As of 2009, the net activity rate was 45.54 per cent, proportion of employed labour force was 33.16 per cent, proportion of labour force was 76.09 and the proportion of potentially active population was 33.16 per cent. The major economic activity in the parts around the rivers and the coastal areas was fishing, while it was agriculture in the inland areas. As of 2011, the total population which was active constitutes 60 per cent nationwide indicating there are lot of employed people. But the poverty rate was very high in the country with an estimated two-thirds below the poverty line.

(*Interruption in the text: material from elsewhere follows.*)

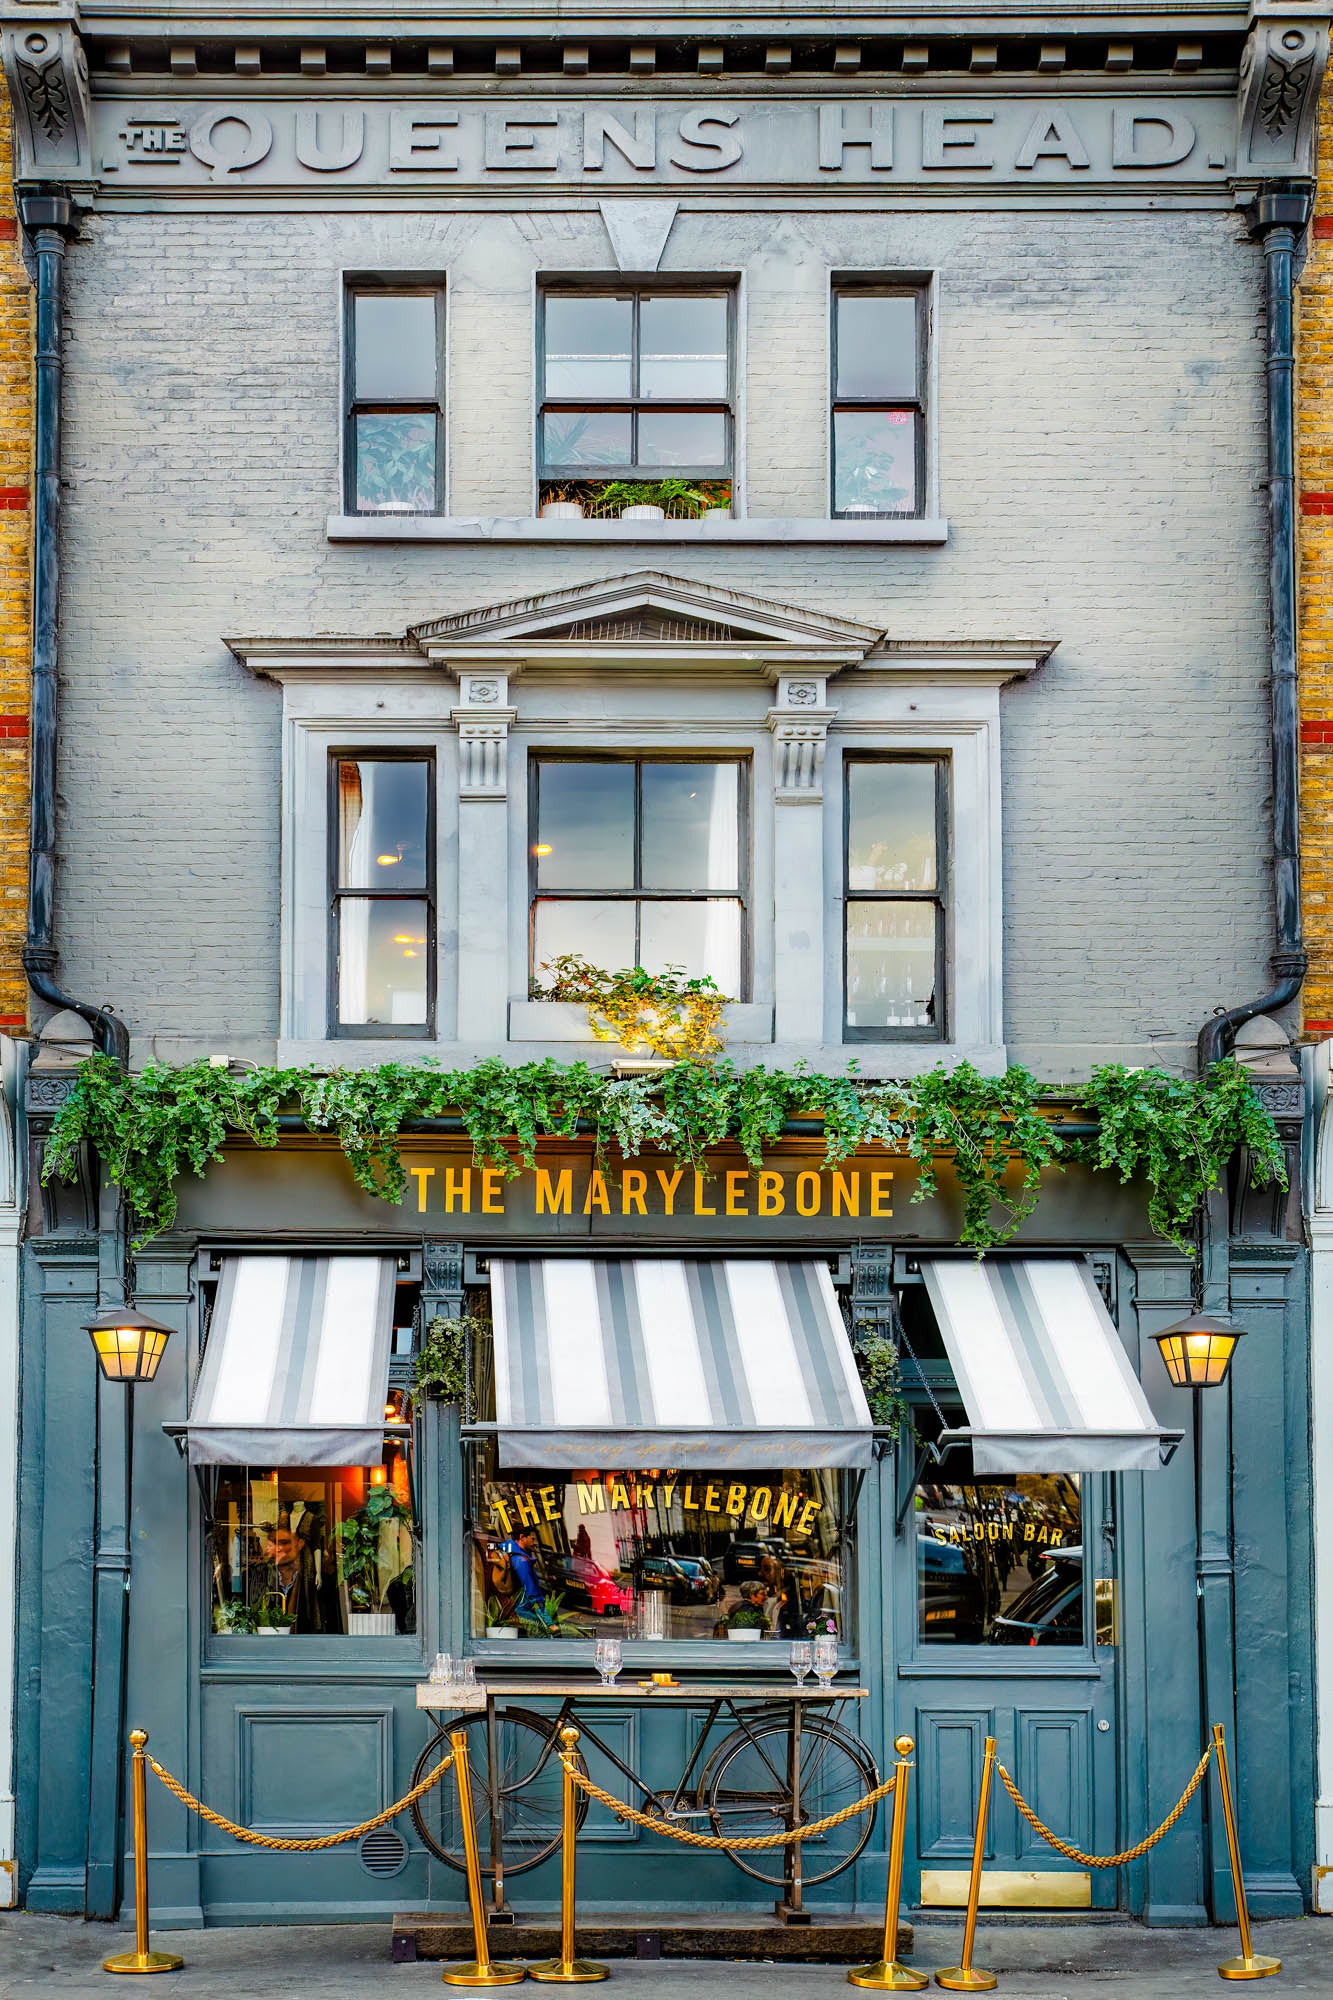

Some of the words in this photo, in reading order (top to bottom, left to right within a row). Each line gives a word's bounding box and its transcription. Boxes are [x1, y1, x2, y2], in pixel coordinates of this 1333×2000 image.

Out of the working population, an estimated 58.4 per cent are employed in freelance activities, while wage earners formed 42 per cent. The unemployment in the region as of 2001 was 10.2 per cent, compared to the capital Bissau which has 19.3 per cent. Totally 63.5 per cent were employed in agriculture (including forestry), 8.9 in industry and 6.1 per cent in public administration. As per IMF report in 2011, people who were engaged in agriculture were poorer compared to others, while educated and higher educated people earned more. The absolute poverty rate, people earning less than $2 a day, in the region stood at 79.6 per cent, with a regional contribution of 18 per cent to the national poverty totals.

== Notable people ==

- Teodora Inácia Gomes, politician and women's rights activist.